## [Assignment]
Give the data again exactly, without its images.

Spatial localization data:
'''

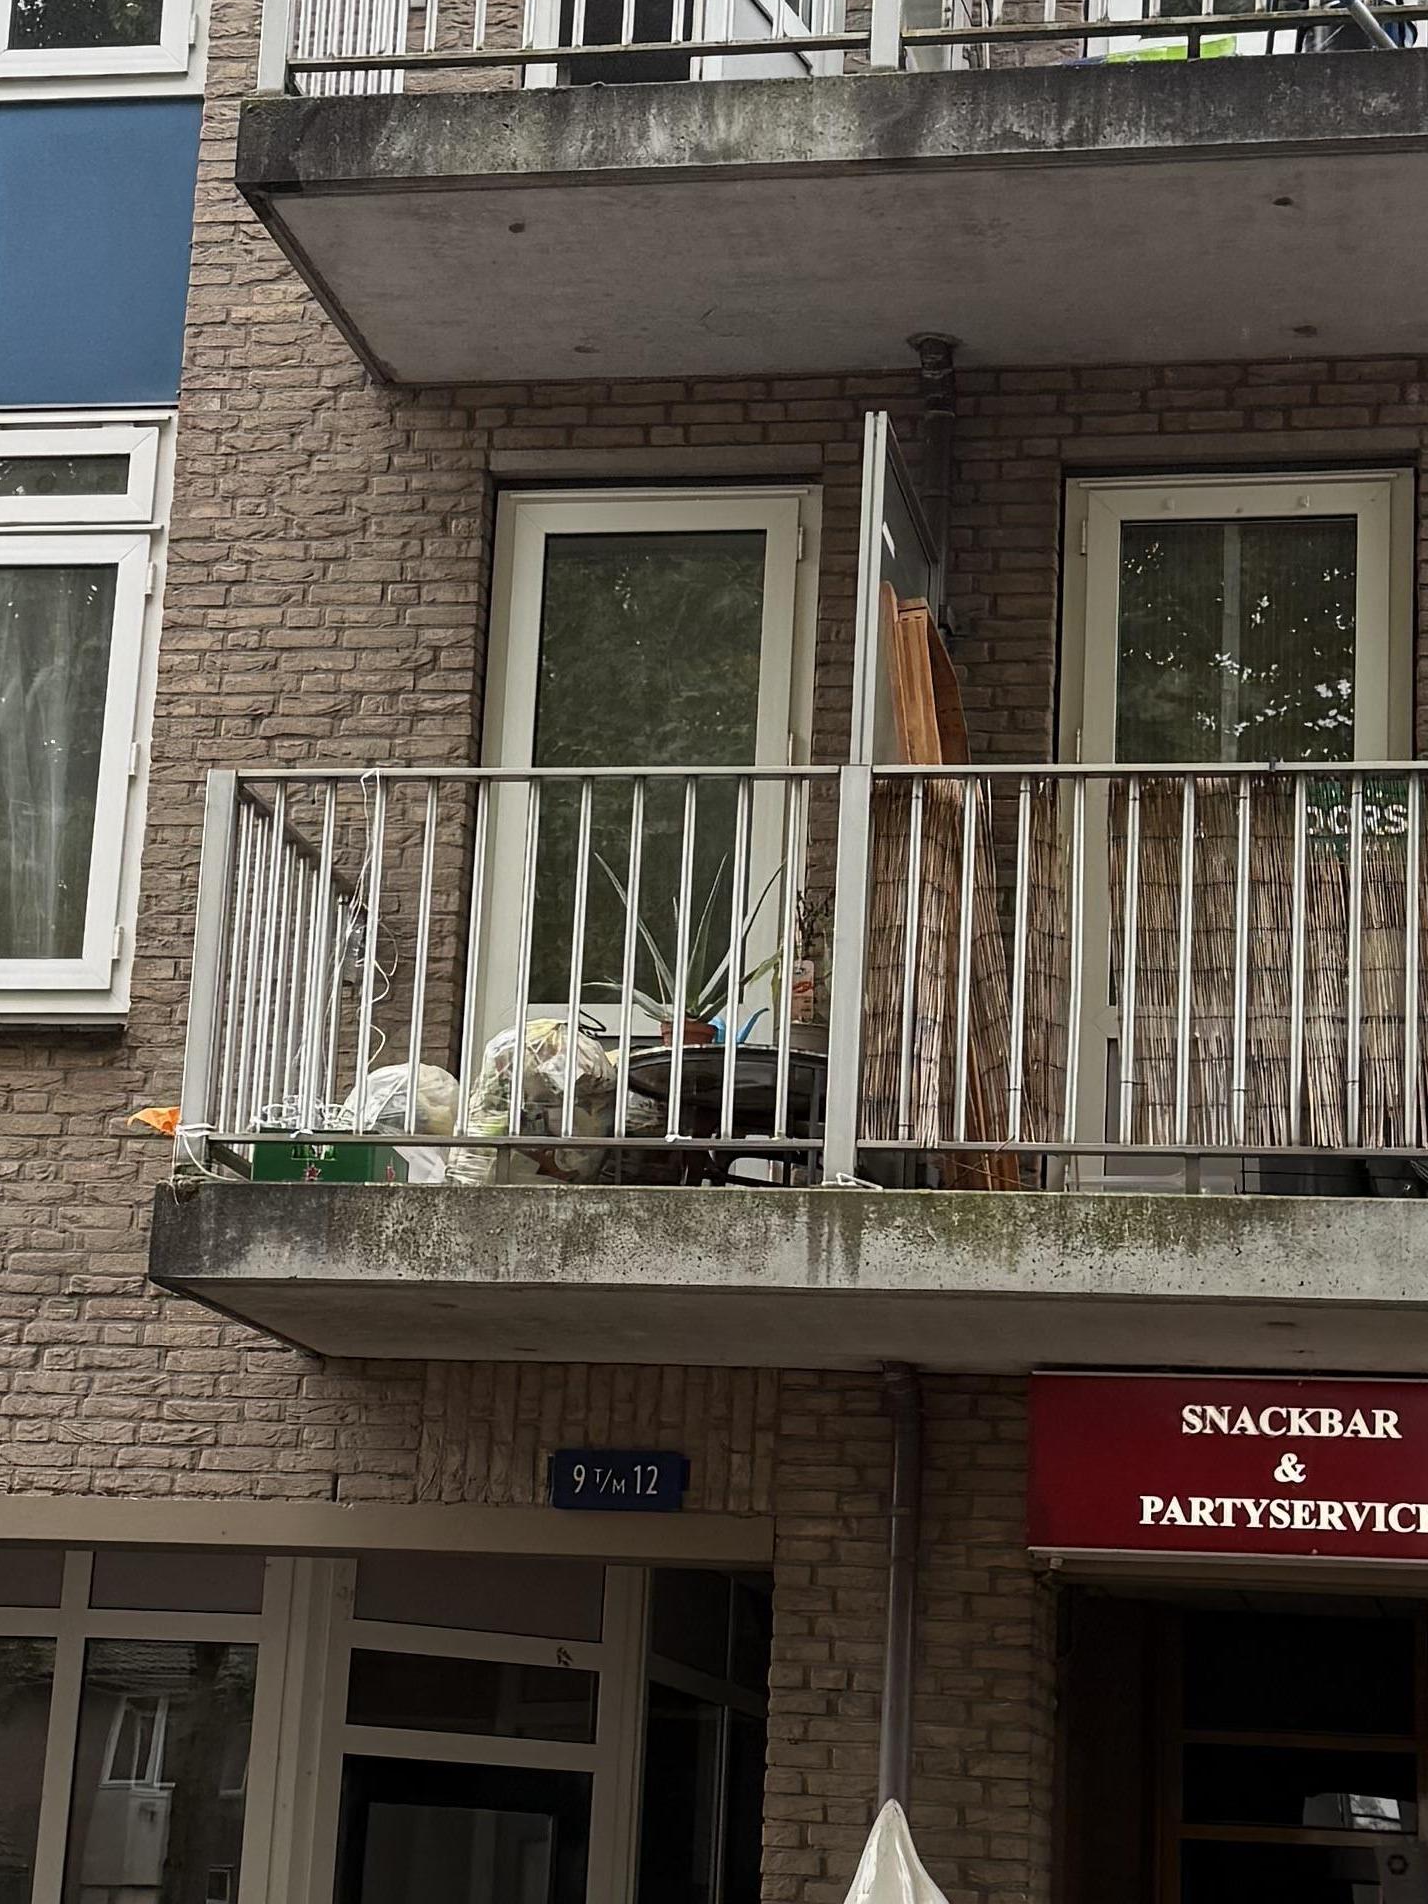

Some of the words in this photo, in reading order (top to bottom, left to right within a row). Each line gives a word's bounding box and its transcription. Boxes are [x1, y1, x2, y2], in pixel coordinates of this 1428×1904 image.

[1181, 1404, 1403, 1439] SNACKBAR
[573, 1464, 586, 1494] 9
[593, 1468, 625, 1495] T/M
[633, 1464, 659, 1495] 12
[1273, 1452, 1307, 1484] &
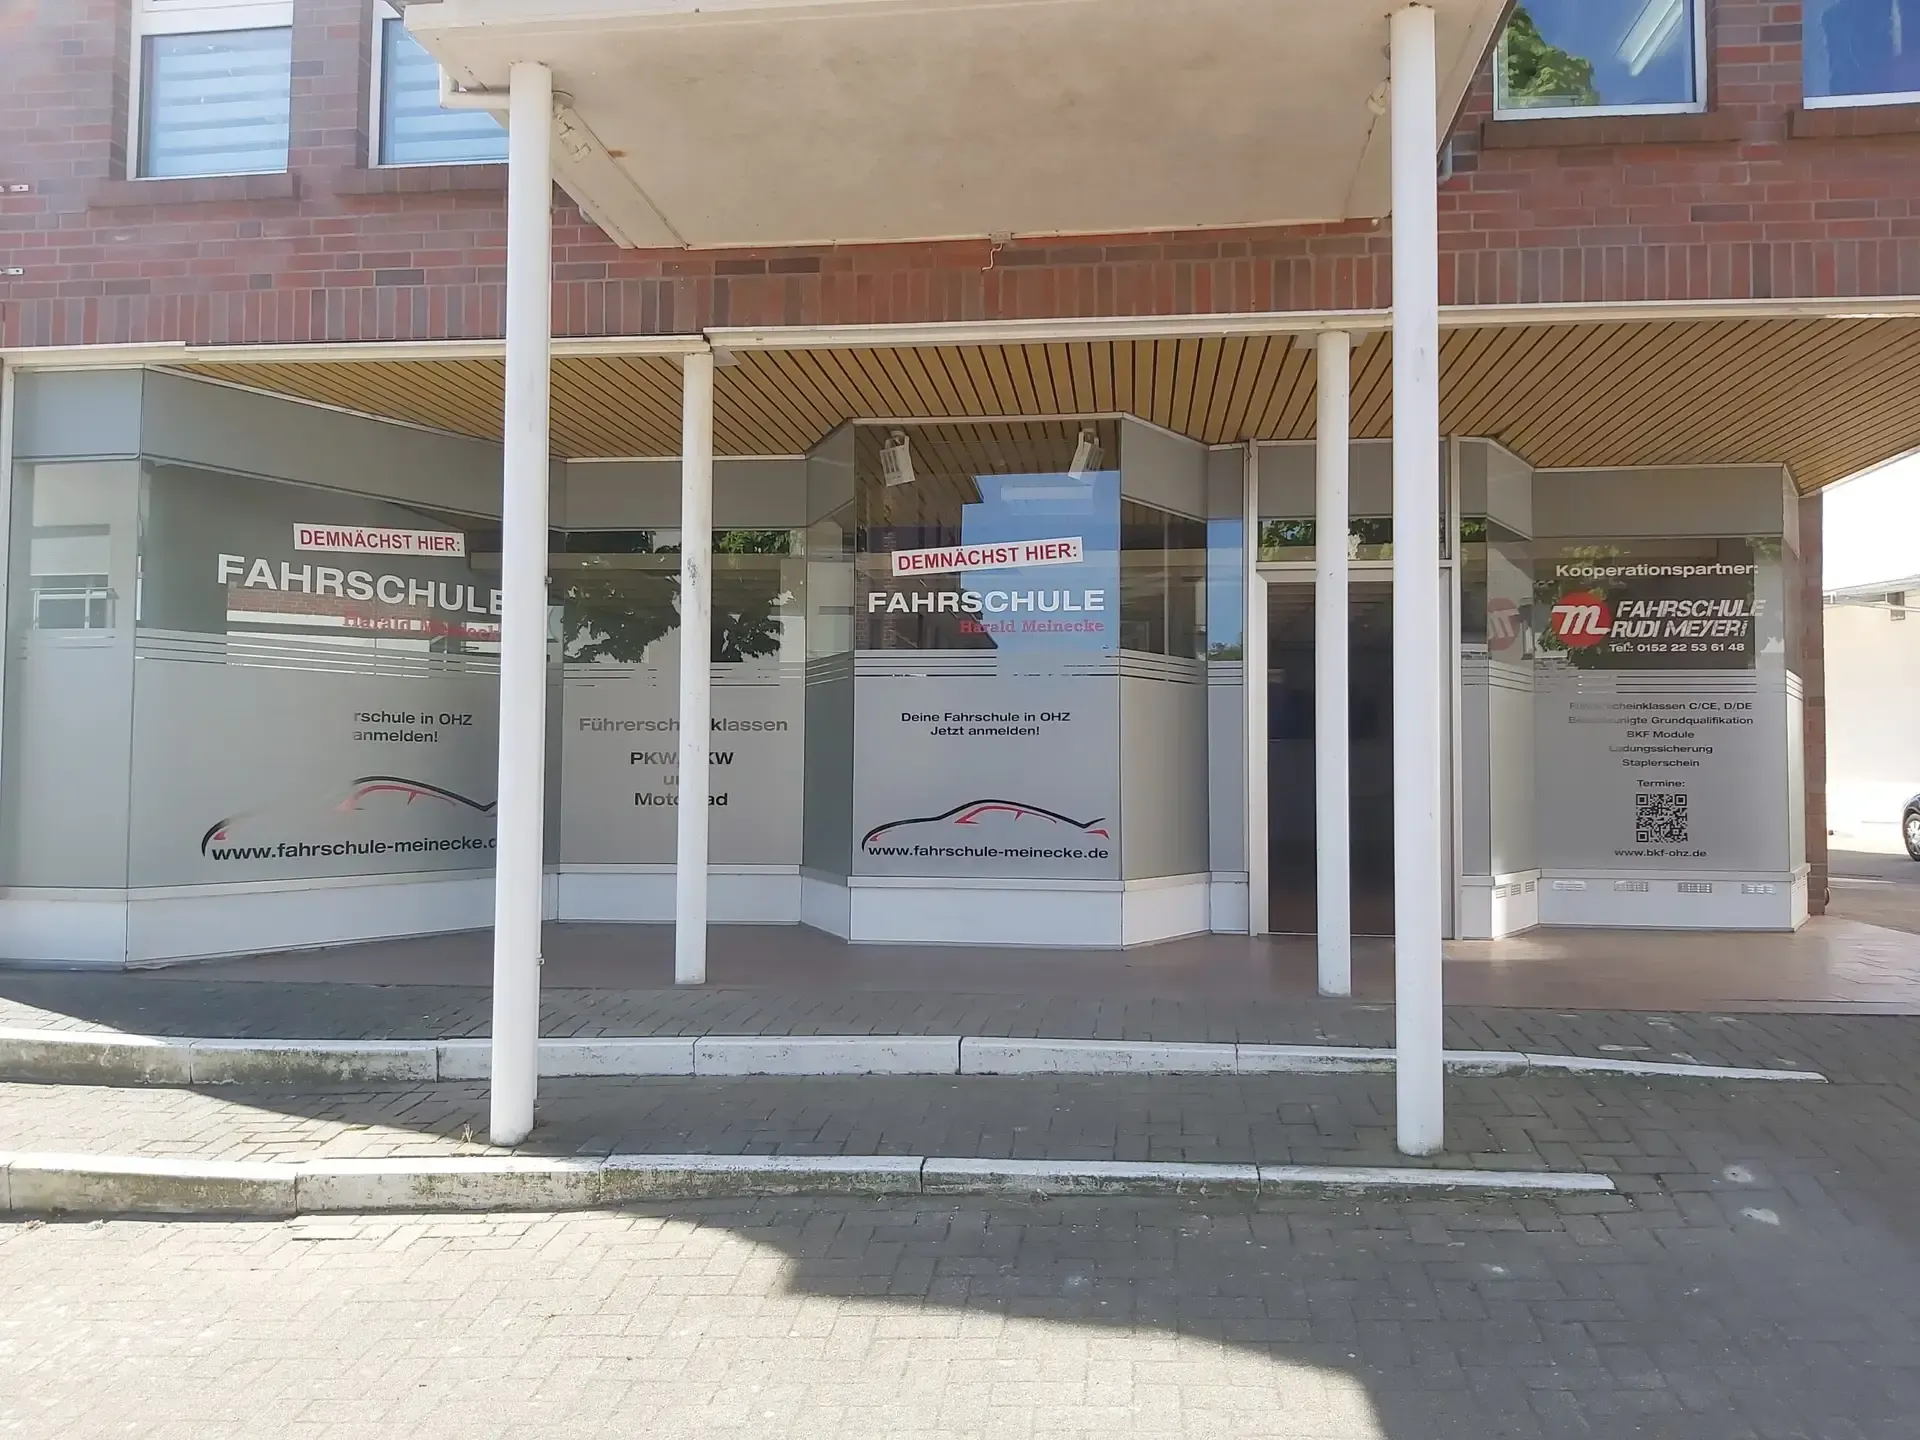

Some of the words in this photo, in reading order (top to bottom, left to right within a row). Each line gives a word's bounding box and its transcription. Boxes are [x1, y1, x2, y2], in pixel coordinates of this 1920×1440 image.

[300, 529, 412, 549] DEMNÄCHST
[418, 534, 461, 552] HIER:
[898, 547, 1019, 571] DEMNÄCHST
[1026, 543, 1077, 561] HIER:
[1556, 563, 1758, 579] Kooperationspartner:
[217, 553, 502, 615] FAHRSCHULE
[868, 589, 1105, 613] FAHRSCHULE
[1616, 600, 1766, 618] FAHRSCHULE
[960, 619, 1016, 633] Harald
[1022, 619, 1105, 632] Meinecke
[1610, 620, 1660, 638] RUDI
[1664, 620, 1740, 638] MEYER
[1637, 643, 1667, 652] 0152
[1671, 643, 1687, 652] 22
[1691, 643, 1707, 652] 53
[1710, 643, 1724, 652] 61
[1728, 643, 1745, 652] 48
[1689, 702, 1721, 712] C/CE,
[1724, 702, 1753, 710] D/DE
[420, 712, 434, 724] in
[439, 713, 473, 725] OHZ
[901, 712, 940, 723] Deine
[944, 712, 1020, 723] Fahrschule
[1024, 712, 1036, 723] in
[1040, 712, 1071, 723] OHZ
[1651, 716, 1753, 726] Grundqualifikation
[579, 718, 788, 731] Führerschklassen
[930, 726, 964, 736] Jetzt
[968, 726, 1040, 736] anmelden!
[354, 729, 438, 743] anmelden!
[1627, 730, 1650, 738] BKF
[1653, 730, 1695, 739] Module
[1622, 759, 1700, 768] Staplerschein
[1637, 780, 1685, 788] Termine:
[868, 845, 1109, 859] www.fahrschule-meinecke.de
[1614, 849, 1707, 857] www.bkf-ohz.de
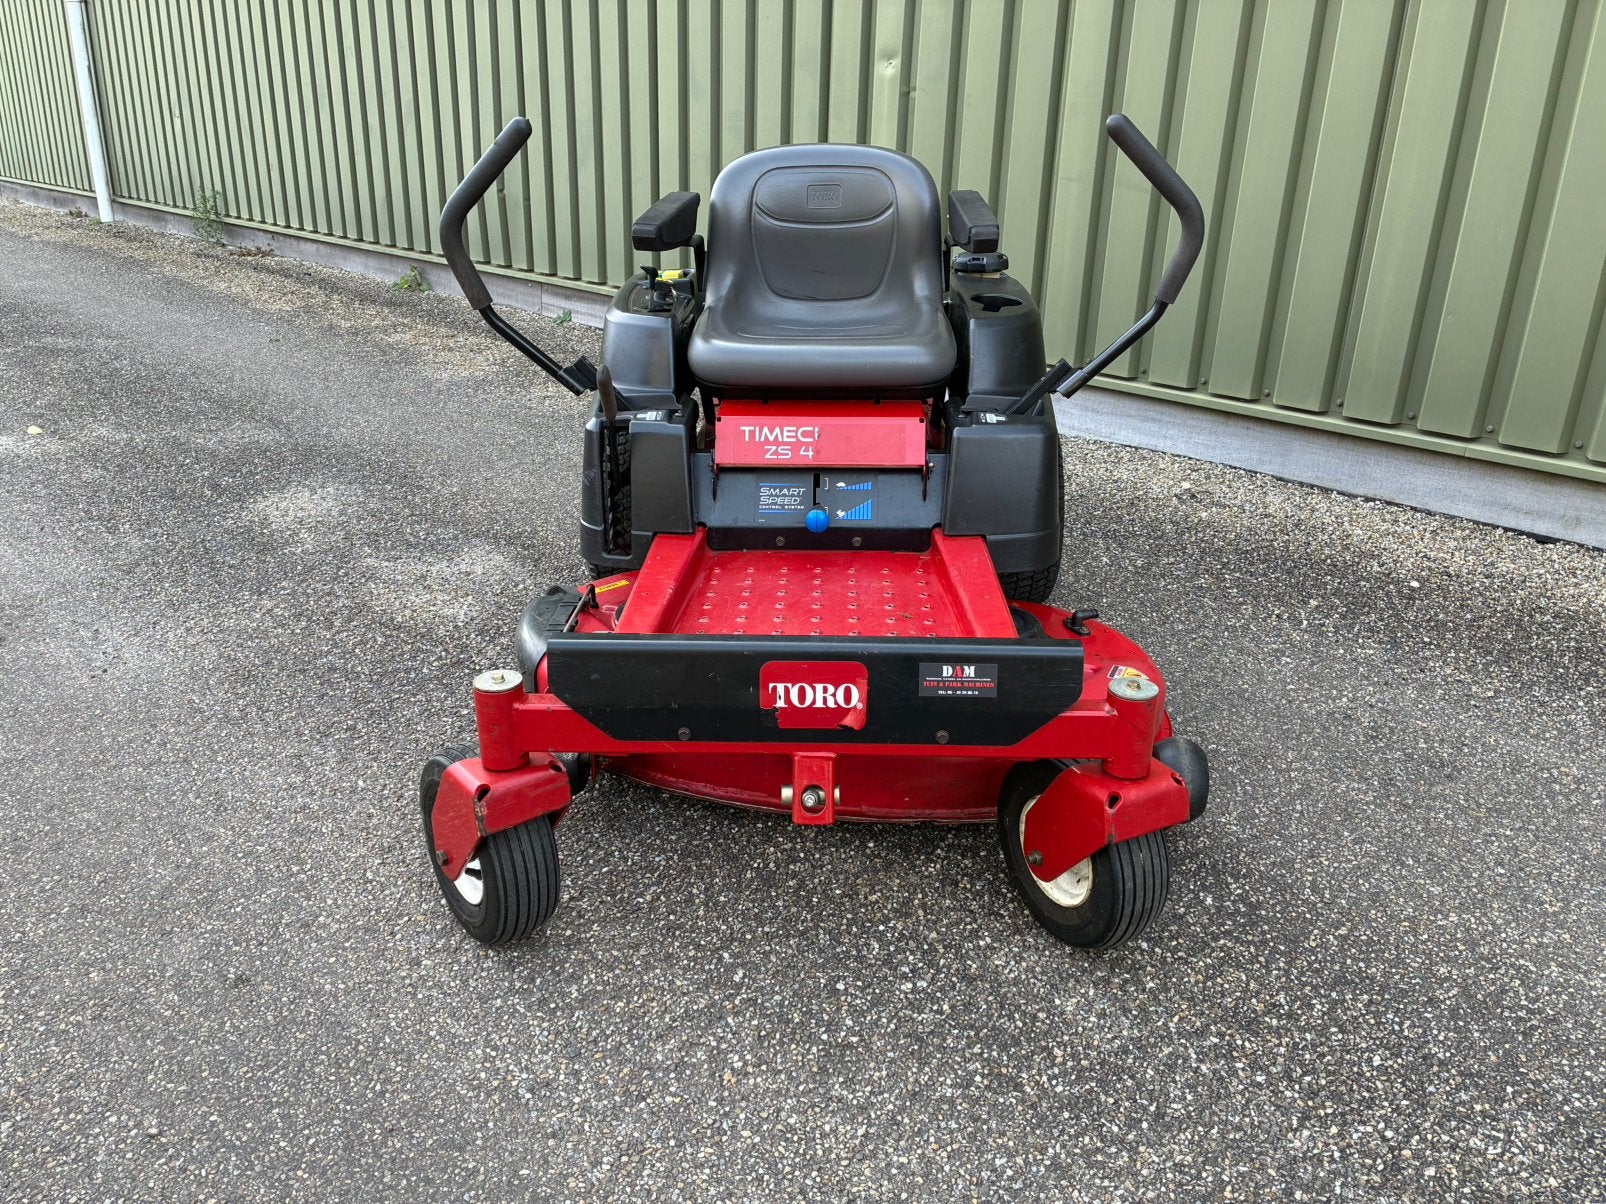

'''

## [Response]
Some of the words in this photo, in reading order (top to bottom, left to right within a row). Each line gives a word's bounding box and its transcription. Boxes are [x1, y1, x2, y2], in pixel coordinates of this 1428×1904 image.

[1181, 1404, 1403, 1439] SNACKBAR
[573, 1464, 586, 1494] 9
[593, 1468, 625, 1495] T/M
[633, 1464, 659, 1495] 12
[1273, 1452, 1307, 1484] &

Some of the words in this photo, in reading order (top to bottom, left to right within a row). Each line gives a word's bounding box and its transcription. Boxes are [x1, y1, x2, y2], in pixel coordinates of this 1920×1440 image.

[300, 529, 412, 549] DEMNÄCHST
[418, 534, 461, 552] HIER:
[898, 547, 1019, 571] DEMNÄCHST
[1026, 543, 1077, 561] HIER:
[1556, 563, 1758, 579] Kooperationspartner:
[217, 553, 502, 615] FAHRSCHULE
[868, 589, 1105, 613] FAHRSCHULE
[1616, 600, 1766, 618] FAHRSCHULE
[960, 619, 1016, 633] Harald
[1022, 619, 1105, 632] Meinecke
[1610, 620, 1660, 638] RUDI
[1664, 620, 1740, 638] MEYER
[1637, 643, 1667, 652] 0152
[1671, 643, 1687, 652] 22
[1691, 643, 1707, 652] 53
[1710, 643, 1724, 652] 61
[1728, 643, 1745, 652] 48
[1689, 702, 1721, 712] C/CE,
[1724, 702, 1753, 710] D/DE
[420, 712, 434, 724] in
[439, 713, 473, 725] OHZ
[901, 712, 940, 723] Deine
[944, 712, 1020, 723] Fahrschule
[1024, 712, 1036, 723] in
[1040, 712, 1071, 723] OHZ
[1651, 716, 1753, 726] Grundqualifikation
[579, 718, 788, 731] Führerschklassen
[930, 726, 964, 736] Jetzt
[968, 726, 1040, 736] anmelden!
[354, 729, 438, 743] anmelden!
[1627, 730, 1650, 738] BKF
[1653, 730, 1695, 739] Module
[1622, 759, 1700, 768] Staplerschein
[1637, 780, 1685, 788] Termine:
[868, 845, 1109, 859] www.fahrschule-meinecke.de
[1614, 849, 1707, 857] www.bkf-ohz.de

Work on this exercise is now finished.